_About this exercise_
Copy the data exactly, line for line.

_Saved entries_
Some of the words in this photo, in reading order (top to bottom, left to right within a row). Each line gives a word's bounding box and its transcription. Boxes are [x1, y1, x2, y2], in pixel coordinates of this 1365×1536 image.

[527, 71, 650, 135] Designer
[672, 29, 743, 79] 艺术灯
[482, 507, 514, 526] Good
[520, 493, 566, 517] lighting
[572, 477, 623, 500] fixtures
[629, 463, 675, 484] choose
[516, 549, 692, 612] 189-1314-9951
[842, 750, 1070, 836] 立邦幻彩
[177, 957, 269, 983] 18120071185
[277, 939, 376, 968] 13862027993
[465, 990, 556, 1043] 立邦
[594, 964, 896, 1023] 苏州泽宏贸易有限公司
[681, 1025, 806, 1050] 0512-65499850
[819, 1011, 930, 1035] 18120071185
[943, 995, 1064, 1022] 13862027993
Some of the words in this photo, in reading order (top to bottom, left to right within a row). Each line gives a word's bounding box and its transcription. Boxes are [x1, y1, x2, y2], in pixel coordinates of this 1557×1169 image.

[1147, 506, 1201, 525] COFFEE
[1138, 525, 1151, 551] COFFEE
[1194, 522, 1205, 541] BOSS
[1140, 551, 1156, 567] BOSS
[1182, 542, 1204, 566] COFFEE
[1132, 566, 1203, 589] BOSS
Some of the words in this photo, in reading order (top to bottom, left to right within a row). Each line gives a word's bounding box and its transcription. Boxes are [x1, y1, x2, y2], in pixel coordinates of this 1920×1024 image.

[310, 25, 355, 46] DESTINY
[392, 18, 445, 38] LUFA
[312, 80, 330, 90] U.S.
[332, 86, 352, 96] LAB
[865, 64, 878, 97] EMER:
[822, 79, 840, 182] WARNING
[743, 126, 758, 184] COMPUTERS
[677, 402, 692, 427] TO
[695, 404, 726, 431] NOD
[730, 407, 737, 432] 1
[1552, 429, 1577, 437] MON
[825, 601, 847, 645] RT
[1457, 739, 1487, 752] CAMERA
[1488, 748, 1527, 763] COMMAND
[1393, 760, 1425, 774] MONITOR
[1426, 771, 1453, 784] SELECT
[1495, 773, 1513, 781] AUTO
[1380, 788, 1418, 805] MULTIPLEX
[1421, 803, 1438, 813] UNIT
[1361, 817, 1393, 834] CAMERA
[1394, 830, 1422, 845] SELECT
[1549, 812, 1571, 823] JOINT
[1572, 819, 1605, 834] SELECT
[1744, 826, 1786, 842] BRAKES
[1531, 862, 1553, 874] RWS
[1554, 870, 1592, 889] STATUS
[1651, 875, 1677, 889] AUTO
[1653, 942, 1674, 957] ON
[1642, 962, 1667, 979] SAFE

_Task result_
Some of the words in this photo, in reading order (top to bottom, left to right within a row). Each line gives a word's bounding box and its transcription. Boxes are [x1, y1, x2, y2], in pixel coordinates of this 1365×1536 image.

[527, 71, 650, 135] Designer
[672, 29, 743, 79] 艺术灯
[482, 507, 514, 526] Good
[520, 493, 566, 517] lighting
[572, 477, 623, 500] fixtures
[629, 463, 675, 484] choose
[516, 549, 692, 612] 189-1314-9951
[842, 750, 1070, 836] 立邦幻彩
[177, 957, 269, 983] 18120071185
[277, 939, 376, 968] 13862027993
[465, 990, 556, 1043] 立邦
[594, 964, 896, 1023] 苏州泽宏贸易有限公司
[681, 1025, 806, 1050] 0512-65499850
[819, 1011, 930, 1035] 18120071185
[943, 995, 1064, 1022] 13862027993
Some of the words in this photo, in reading order (top to bottom, left to right within a row). Each line gives a word's bounding box and its transcription. Boxes are [x1, y1, x2, y2], in pixel coordinates of this 1557×1169 image.

[1147, 506, 1201, 525] COFFEE
[1138, 525, 1151, 551] COFFEE
[1194, 522, 1205, 541] BOSS
[1140, 551, 1156, 567] BOSS
[1182, 542, 1204, 566] COFFEE
[1132, 566, 1203, 589] BOSS
Some of the words in this photo, in reading order (top to bottom, left to right within a row). Each line gives a word's bounding box and its transcription. Boxes are [x1, y1, x2, y2], in pixel coordinates of this 1920×1024 image.

[310, 25, 355, 46] DESTINY
[392, 18, 445, 38] LUFA
[312, 80, 330, 90] U.S.
[332, 86, 352, 96] LAB
[865, 64, 878, 97] EMER:
[822, 79, 840, 182] WARNING
[743, 126, 758, 184] COMPUTERS
[677, 402, 692, 427] TO
[695, 404, 726, 431] NOD
[730, 407, 737, 432] 1
[1552, 429, 1577, 437] MON
[825, 601, 847, 645] RT
[1457, 739, 1487, 752] CAMERA
[1488, 748, 1527, 763] COMMAND
[1393, 760, 1425, 774] MONITOR
[1426, 771, 1453, 784] SELECT
[1495, 773, 1513, 781] AUTO
[1380, 788, 1418, 805] MULTIPLEX
[1421, 803, 1438, 813] UNIT
[1361, 817, 1393, 834] CAMERA
[1394, 830, 1422, 845] SELECT
[1549, 812, 1571, 823] JOINT
[1572, 819, 1605, 834] SELECT
[1744, 826, 1786, 842] BRAKES
[1531, 862, 1553, 874] RWS
[1554, 870, 1592, 889] STATUS
[1651, 875, 1677, 889] AUTO
[1653, 942, 1674, 957] ON
[1642, 962, 1667, 979] SAFE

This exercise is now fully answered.